The task => The data below must be copied in full and without any change.

[Recorded data]
════

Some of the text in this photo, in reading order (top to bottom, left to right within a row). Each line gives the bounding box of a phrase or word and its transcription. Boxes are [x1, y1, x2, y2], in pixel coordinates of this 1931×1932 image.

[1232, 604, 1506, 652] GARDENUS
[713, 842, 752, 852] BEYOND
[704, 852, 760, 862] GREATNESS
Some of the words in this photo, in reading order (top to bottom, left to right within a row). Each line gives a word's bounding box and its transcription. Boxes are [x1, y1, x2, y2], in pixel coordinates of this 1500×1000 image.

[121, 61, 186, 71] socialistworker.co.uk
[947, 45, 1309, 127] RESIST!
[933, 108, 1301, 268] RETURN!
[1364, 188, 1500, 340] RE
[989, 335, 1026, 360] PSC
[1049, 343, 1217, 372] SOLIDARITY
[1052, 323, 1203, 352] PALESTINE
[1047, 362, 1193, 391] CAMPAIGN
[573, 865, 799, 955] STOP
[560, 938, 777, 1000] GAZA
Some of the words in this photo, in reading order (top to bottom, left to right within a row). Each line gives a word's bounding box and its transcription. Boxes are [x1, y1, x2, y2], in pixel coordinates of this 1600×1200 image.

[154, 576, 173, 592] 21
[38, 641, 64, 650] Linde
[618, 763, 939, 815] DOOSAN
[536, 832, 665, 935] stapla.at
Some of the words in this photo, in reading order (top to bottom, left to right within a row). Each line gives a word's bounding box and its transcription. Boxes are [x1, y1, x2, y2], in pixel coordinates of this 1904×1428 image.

════

Output for this task =>
Some of the text in this photo, in reading order (top to bottom, left to right within a row). Each line gives the bounding box of a phrase or word and its transcription. Boxes are [x1, y1, x2, y2], in pixel coordinates of this 1931×1932 image.

[1232, 604, 1506, 652] GARDENUS
[713, 842, 752, 852] BEYOND
[704, 852, 760, 862] GREATNESS
Some of the words in this photo, in reading order (top to bottom, left to right within a row). Each line gives a word's bounding box and its transcription. Boxes are [x1, y1, x2, y2], in pixel coordinates of this 1500×1000 image.

[121, 61, 186, 71] socialistworker.co.uk
[947, 45, 1309, 127] RESIST!
[933, 108, 1301, 268] RETURN!
[1364, 188, 1500, 340] RE
[989, 335, 1026, 360] PSC
[1049, 343, 1217, 372] SOLIDARITY
[1052, 323, 1203, 352] PALESTINE
[1047, 362, 1193, 391] CAMPAIGN
[573, 865, 799, 955] STOP
[560, 938, 777, 1000] GAZA
Some of the words in this photo, in reading order (top to bottom, left to right within a row). Each line gives a word's bounding box and its transcription. Boxes are [x1, y1, x2, y2], in pixel coordinates of this 1600×1200 image.

[154, 576, 173, 592] 21
[38, 641, 64, 650] Linde
[618, 763, 939, 815] DOOSAN
[536, 832, 665, 935] stapla.at
Some of the words in this photo, in reading order (top to bottom, left to right within a row). Each line gives a word's bounding box and its transcription. Boxes are [x1, y1, x2, y2], in pixel coordinates of this 1904×1428 image.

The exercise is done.